If you have senior citizen parents, you can claim a further deduction of up to ₹50000. This goes a long way in easing the financial constraints of healthcare expenses for your ageing mother or father. And also
- If you pay health insurance premiums for your parents, you can claim the specified deductions based on their age.
- Remember, the deduction cannot exceed ₹50,000 (₹1 lakh for senior citizen parents).
Preventive Health Checkups Under Section 80D
Regular health check-ups are crucial to preventing underlying Health problems from escalating. Section 80D has also provided for an expenditure on preventive health check-ups.
There is a reimbursement allowance of up to ₹5,000 per year for preventive health checkups for yourself, your spouse, children, and your parents. This amount is within the general limit of ₹25,000 or ₹50,000 for the individual’s age criteria.
Can Medical Expenses Be Claimed Under Section 80D?
Medical expenses can also be claimed under Section 80D, but only for senior citizens not covered by any health insurance policy. However, the total amount for deductions in terms of such medical costs is limited to ₹ 50,000.
This clause ensures that elderly people not covered by health insurance affordances still get a tax break for the costs incurred. But here, ordinary medical expenses cannot be taken as deductions for bringing about the said change.
How to Claim Deduction Under Section 80D?
Here is a step-by-step process of how to claim a deduction under Section 80D:
- Calculate the Total Premium Paid: Add the premiums for yourself, your spouse, children, and parents.
- Include Preventive Health Checkups: If you have incurred any expenses on preventive health checkups, include those as well.
- Check the Eligibility: Ensure the premiums and checkups are within the prescribed limits.
- Collect Document Proof: Keep receipts and policy documents handy for verification.
- File the Tax Return: In the appropriate section, mention the total deduction under Section 80D in your income tax return.
Documents Needed to Claim Tax Benefits on Medical Insurance Under Section 80D
You can avail of deductions on Mediclaim under section 80D, which is subject to a limit of ₹25,000, ₹50,000, ₹75,000, or ₹1,00,000. To do this, you need some documents as proof:
- Original receipt for premium payment. A printed receipt generated from the insurer’s website is permissible.
- The date on the receipt should be within the financial year in which specific tax has been computed.
- The receipt must clearly state the date of receipt, the amount of the premium paid, and the manner of payment.
- No cash receipts for any amount related to premium payments are acceptable.

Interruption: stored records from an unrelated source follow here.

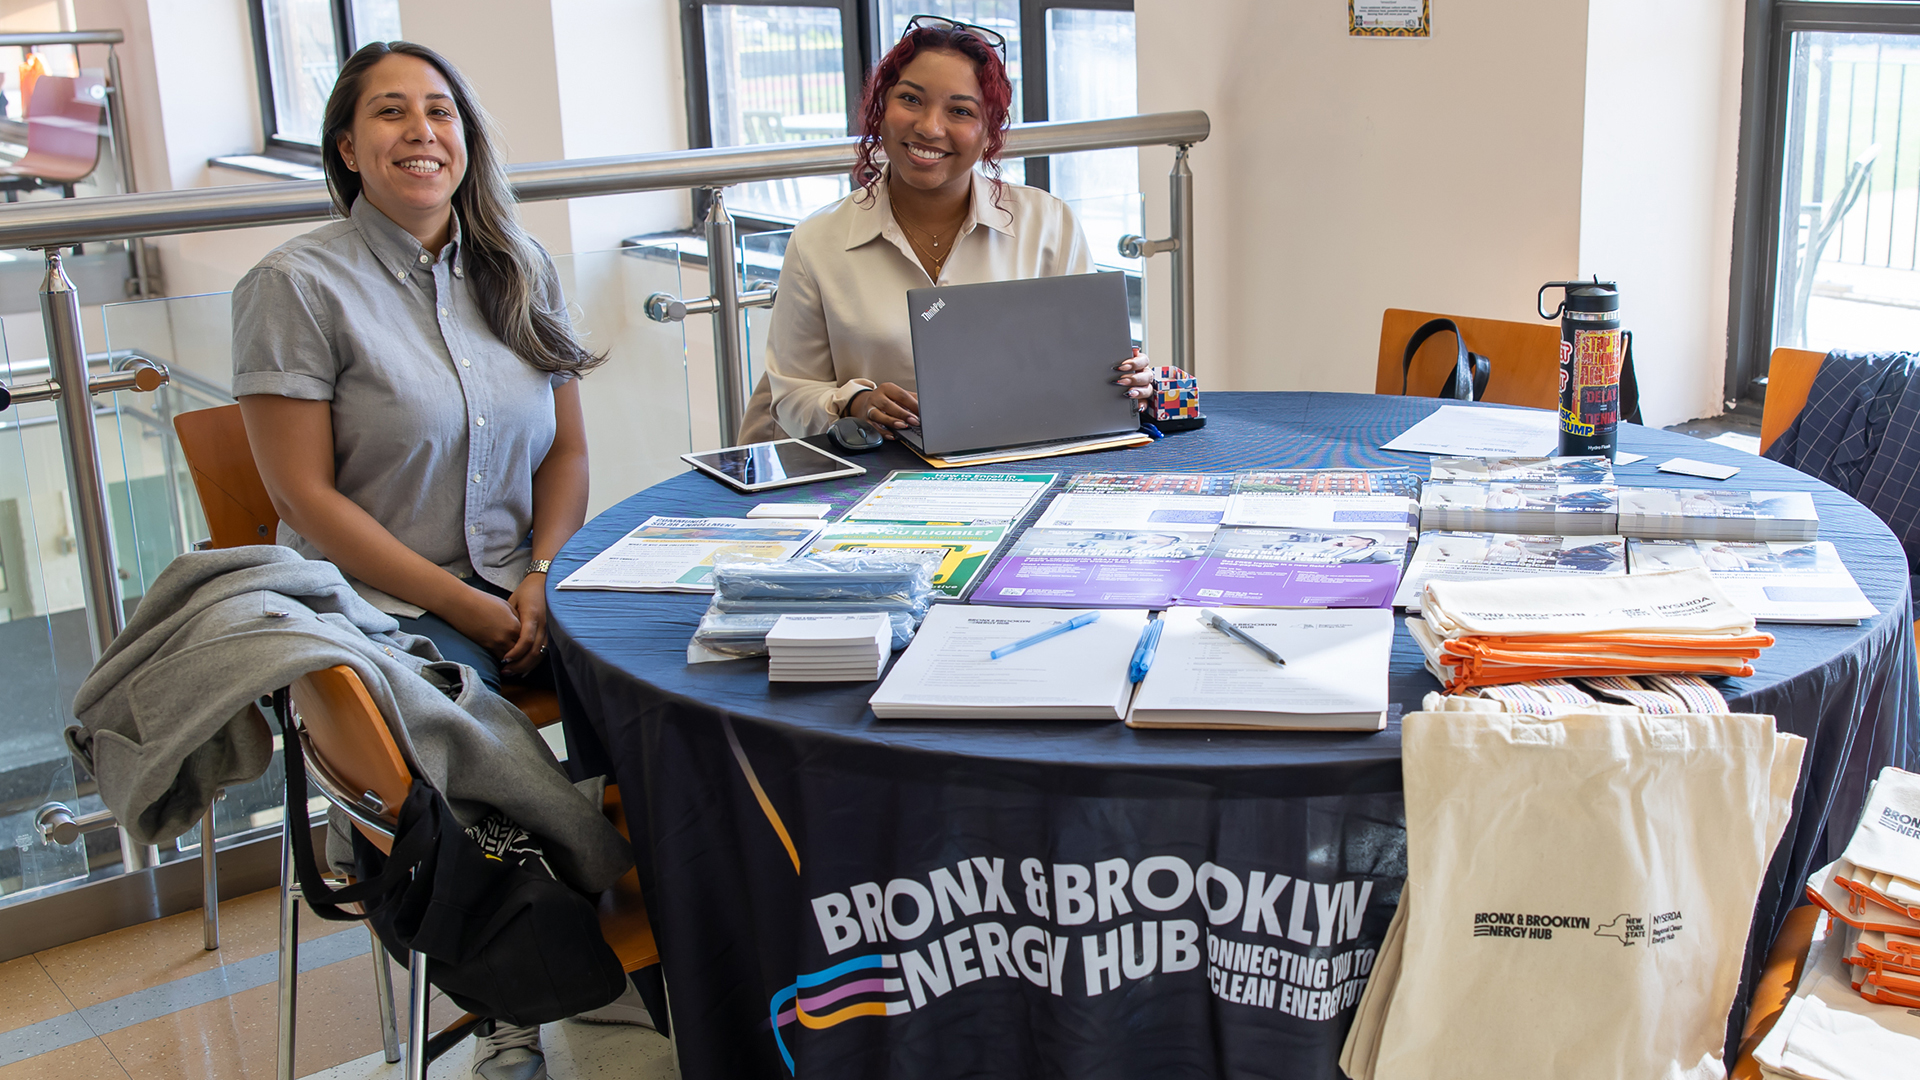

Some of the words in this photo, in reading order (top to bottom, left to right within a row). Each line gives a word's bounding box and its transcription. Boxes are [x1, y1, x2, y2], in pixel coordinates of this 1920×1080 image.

[920, 298, 946, 322] ThinkPad
[1582, 336, 1610, 352] STOP
[1587, 388, 1616, 403] DELAY
[1586, 410, 1616, 426] DENIAL
[1658, 596, 1710, 610] NYSERDA
[1882, 806, 1920, 828] BRON
[811, 856, 1014, 956] BRONX
[1020, 858, 1050, 921] &
[1052, 856, 1374, 948] BROOKLYN
[1474, 912, 1514, 926] BRONX
[1517, 914, 1524, 926] &
[1526, 914, 1590, 929] BROOKLYN
[1653, 911, 1682, 924] NYSERDA
[1530, 928, 1552, 940] HUB
[1653, 927, 1670, 936] Regional
[1652, 936, 1666, 944] Energy
[1082, 920, 1200, 997] HUB
[1332, 950, 1353, 986] YOU
[1354, 948, 1376, 978] TO
[1210, 964, 1276, 1010] CLEAN
[1279, 982, 1343, 1022] ENERGY
[1340, 978, 1370, 1011] FUT

- Receipts from agents can only be used to claim a tax deduction if the receipts are from a permanent establishment.
What Are the Exclusions Under Section 80D?
While Section 80D offers substantial benefits, there are some exclusions to be aware of:
- Cash payments made for premiums are not admissible for deduction.

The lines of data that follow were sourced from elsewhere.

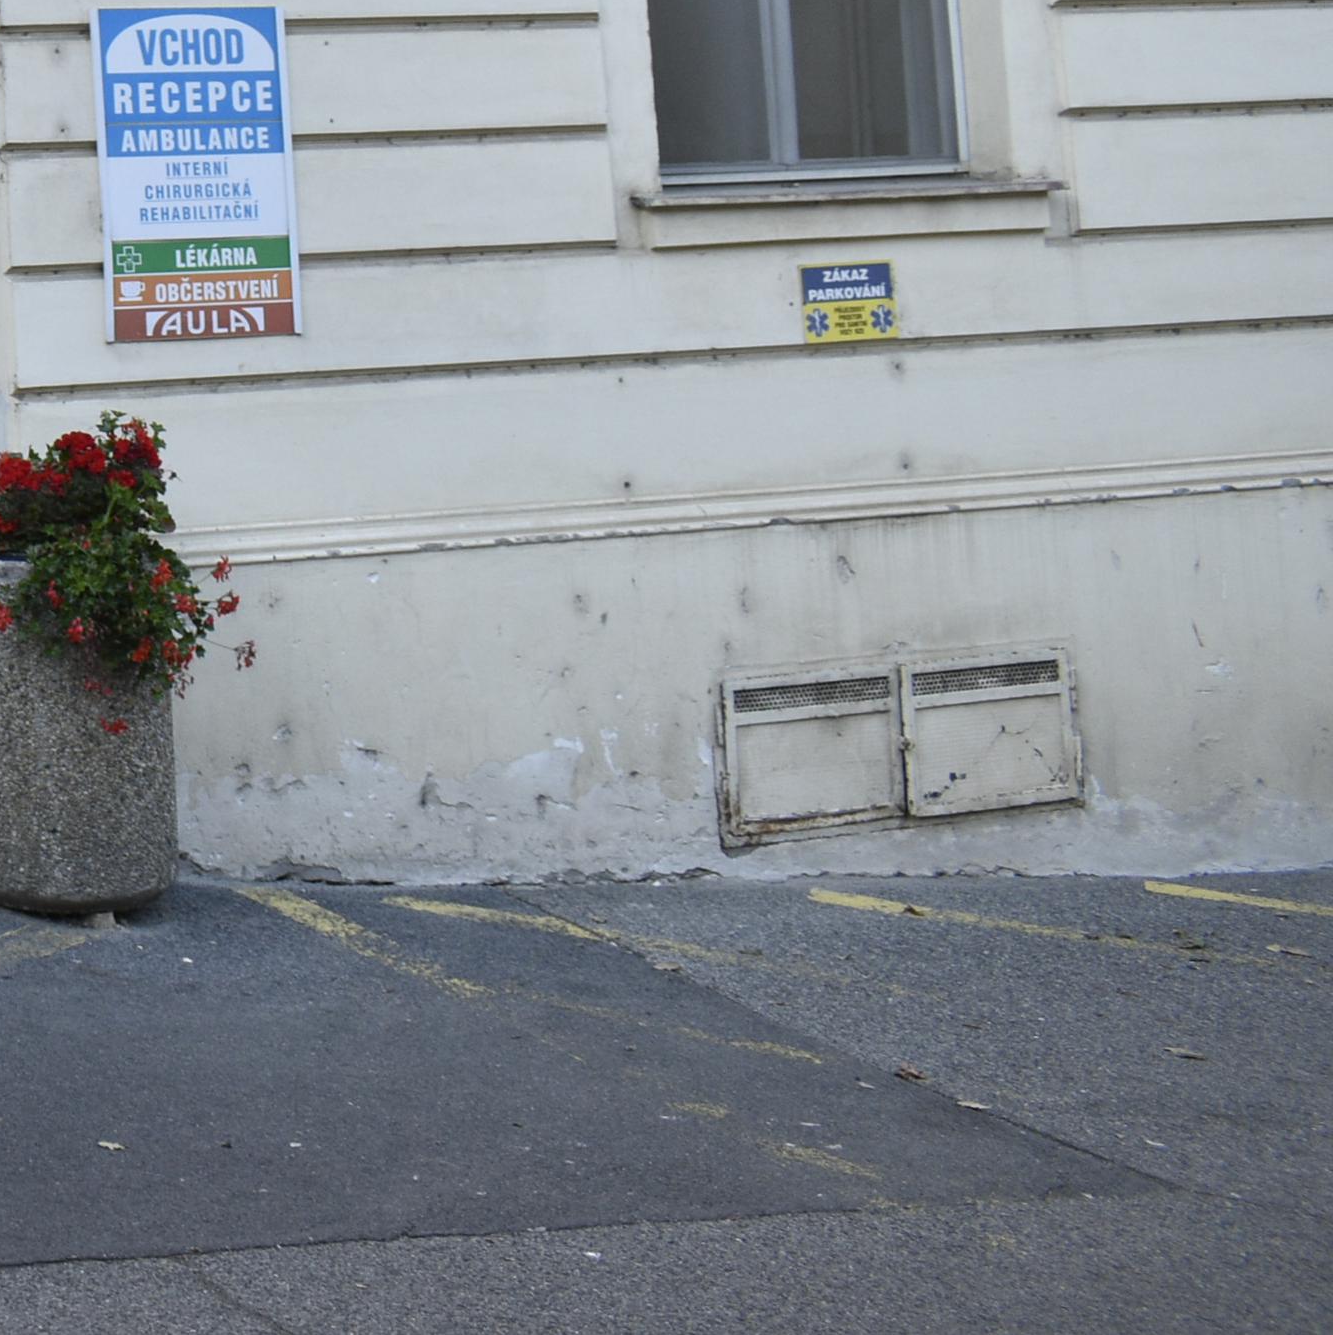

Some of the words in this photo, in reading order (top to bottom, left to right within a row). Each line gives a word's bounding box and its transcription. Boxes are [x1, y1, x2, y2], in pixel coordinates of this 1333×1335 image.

[136, 28, 244, 67] VCHOD
[113, 80, 273, 114] RECEPCE
[121, 127, 270, 153] AMBULANCE
[166, 157, 229, 177] INTERNÍ
[144, 178, 252, 200] CHIRURGICKÁ
[140, 201, 259, 222] REHABILITAČNÍ
[175, 244, 257, 268] LÉKÁRNA
[822, 267, 869, 282] ZÁKAZ
[155, 274, 279, 303] OBČERSTVENÍ
[808, 282, 886, 301] PARKOVÁNÍ
[161, 309, 251, 336] AULA

- Employer-paid group health insurance premiums cannot be claimed.
- Any premium paid for siblings, grandparents, aunts, uncles, or relatives is prohibited.
- Section 80D does not include the premium for a life insurance policy.

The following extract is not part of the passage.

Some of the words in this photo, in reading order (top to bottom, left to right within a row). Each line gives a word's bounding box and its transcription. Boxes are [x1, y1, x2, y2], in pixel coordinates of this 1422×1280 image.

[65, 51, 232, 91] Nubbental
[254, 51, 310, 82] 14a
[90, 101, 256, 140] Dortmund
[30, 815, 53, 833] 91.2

- Any expenses incurred for non-allopathic treatments cannot be claimed.
- Expenses for in-laws are outside the range of premiums one should pay.
Conclusion
Health insurance is compulsory for families to have contingency and risk-free financial coverage. Thus, by taking advantage of the provisions of Section 80D, you can substantially decrease your Taxable Income and simultaneously provide complete Health Insurance to your family.
Remember to keep all necessary documents and receipts, stay within the prescribed limits, and file your deductions correctly to maximise your tax benefits. You can also consult a tax advisor for personalised advice. Stay healthy, stay insured!